Predicting Business Vulnerability Using Neural Networks: Evidence From Brazilian SMEs
Predicting Business Vulnerability Using Neural Networks: Evidence From Brazilian SMEs
Joelias Silva Pinto-Junior,Anderson Ricardo Silvestro,Vinicius Faria Culmant Ramos,Eloi Puertas Prats
TLDR
This study supports consultants and business managers to anticipate critical business situations and prevent the occurrence of failure scenarios and supports consultants and business managers to anticipate critical business situations and prevent the occurrence of failure scenarios.
Abstract
Goal: Analyze the performance of a business diagnosis prediction model. Design / Methodology / Approach: Business diagnostic interviews were carried out with 98 companies, using the IncubE methodology, to assess the level of maturity, based on six dimensions: general, management, business, market, technology and financial. The evaluations were discretized and used as input for a neural network model implemented with the Keras API from the Scikit-Learn library in Python. Results: The machine learning algorithm achieved an accuracy of 75%, enabling the identification of business failures that could lead to organizational vulnerability.Limitations of the research: The proposed model is applicable only to companies where consultants trained in the IncubE methodology have performed a prior organizational diagnostic assessment. Practical implications: This study supports consultants and business managers to anticipate critical business situations and prevent the occurrence of failure scenarios.

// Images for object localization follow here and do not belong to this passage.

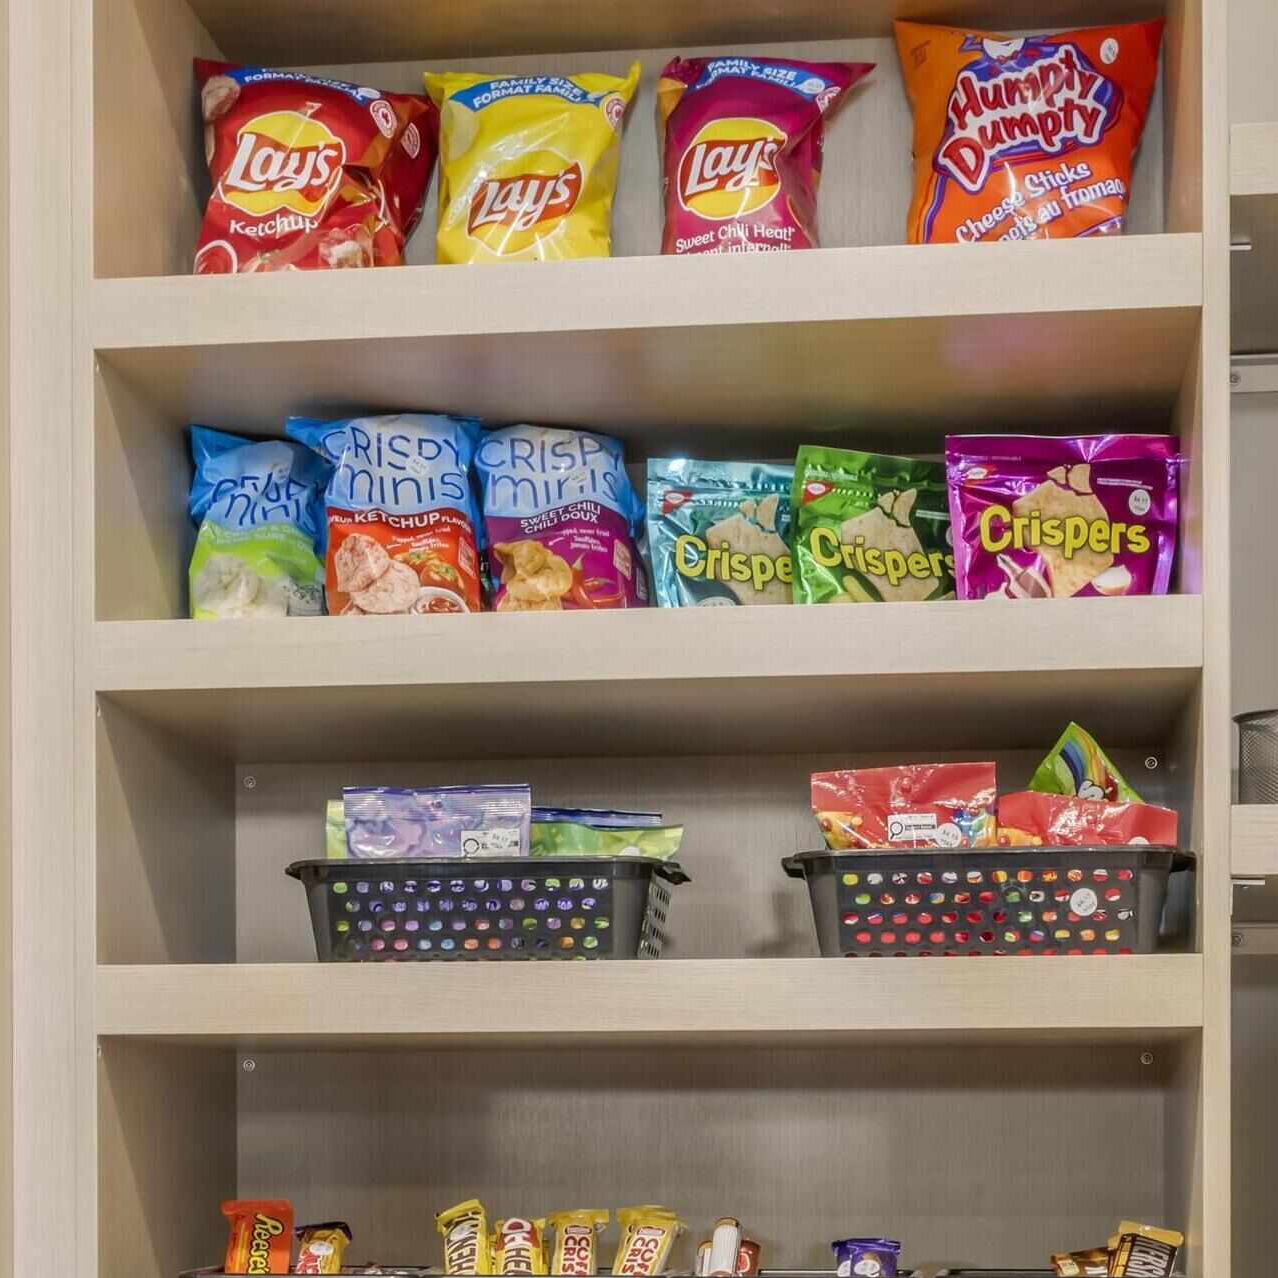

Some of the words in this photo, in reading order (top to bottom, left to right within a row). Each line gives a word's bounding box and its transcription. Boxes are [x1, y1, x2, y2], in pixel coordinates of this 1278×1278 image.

[490, 77, 546, 90] FAMILY
[550, 77, 582, 96] SIZE
[763, 67, 798, 80] SIZE
[949, 48, 1101, 132] Humpty
[473, 85, 530, 108] FORMAT
[225, 134, 338, 193] Lay's
[942, 100, 1100, 185] Dumpty
[684, 135, 778, 197] Lay's
[471, 169, 572, 232] Lay's
[955, 190, 1025, 243] Cheese
[1024, 162, 1091, 198] Sticks
[1037, 202, 1062, 224] au
[229, 213, 317, 237] Ketchup
[676, 231, 715, 253] Sweet
[718, 223, 749, 240] Chili
[322, 426, 460, 470] CRISPY
[328, 463, 464, 505] minis
[355, 511, 440, 529] KETCHUP
[521, 508, 563, 528] SWEET
[569, 501, 601, 515] CHILI
[525, 519, 557, 534] CHILI
[561, 512, 598, 524] DOUX
[980, 504, 1150, 559] Crispers
[675, 534, 793, 590] Crispe

Social implications: Possible reduction of organizational problems and consequent reduction in the number of companies in crisis or bankrupt. Originality / value: There are few works in literature that deal with prediction of business vulnerabilities and none were found that use a methodology which evaluates the five organizational dimensions of the CERNE methodology: entrepreneur, technology, market, management and financial.